Problem to work on:
Leaving out any pictures, transcribe every record exactly.

Items from a dataset:
BEGIN

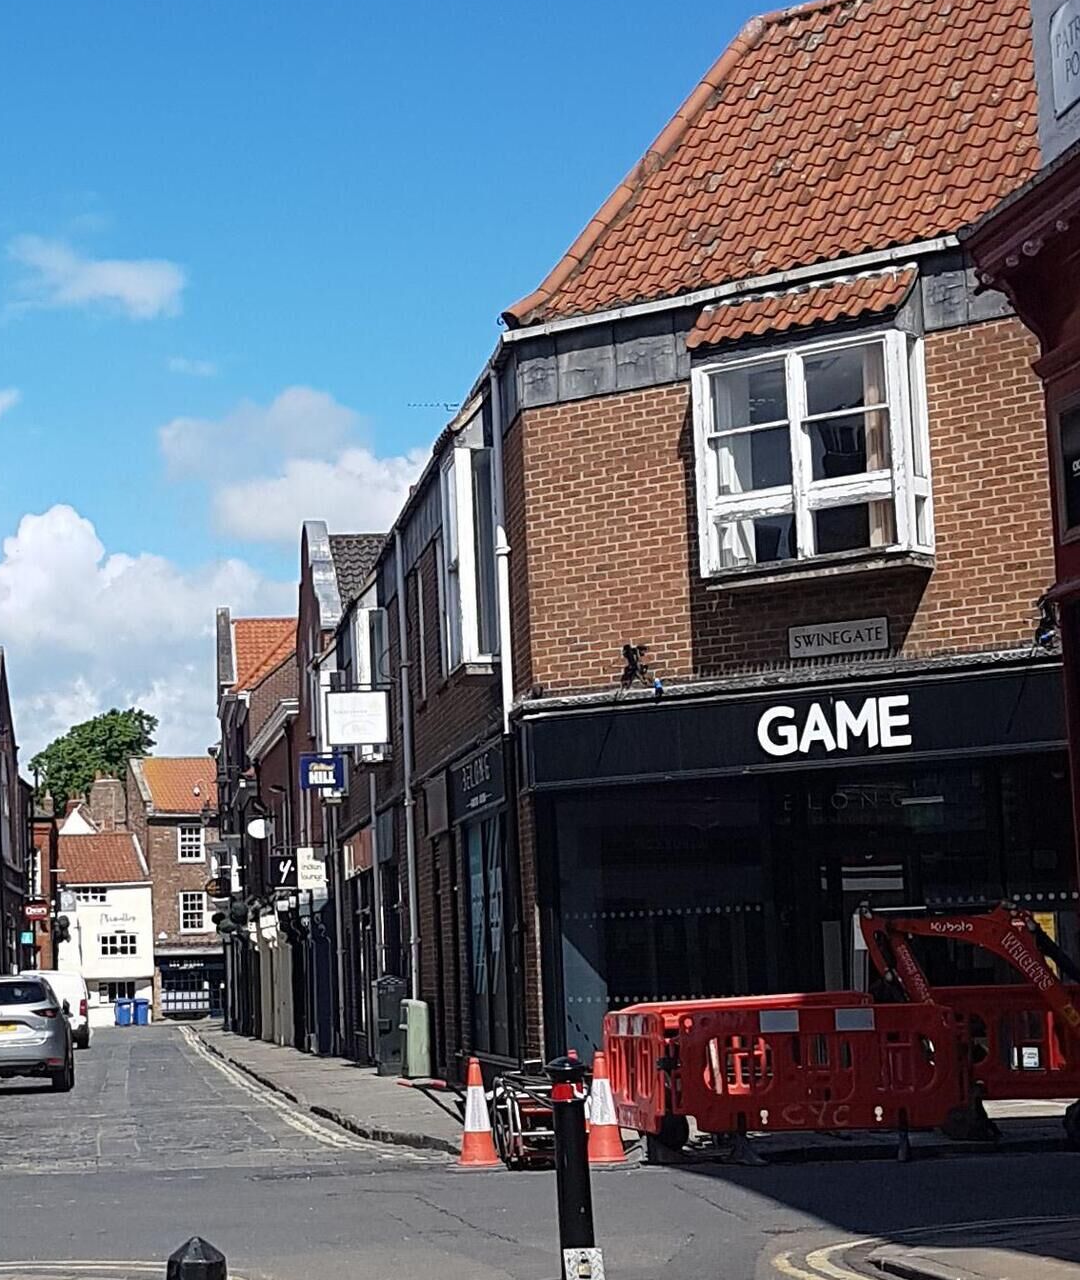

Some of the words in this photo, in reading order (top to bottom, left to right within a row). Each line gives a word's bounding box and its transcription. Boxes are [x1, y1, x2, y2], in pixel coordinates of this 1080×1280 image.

[793, 626, 884, 649] SWINEGATE
[757, 694, 913, 756] GAME
[308, 770, 336, 785] HILL
[930, 920, 974, 933] Kubota
[1001, 931, 1055, 992] WRIGHTS

END

Completed exercise:
Some of the words in this photo, in reading order (top to bottom, left to right within a row). Each line gives a word's bounding box and its transcription. Boxes are [x1, y1, x2, y2], in pixel coordinates of this 1080×1280 image.

[793, 626, 884, 649] SWINEGATE
[757, 694, 913, 756] GAME
[308, 770, 336, 785] HILL
[930, 920, 974, 933] Kubota
[1001, 931, 1055, 992] WRIGHTS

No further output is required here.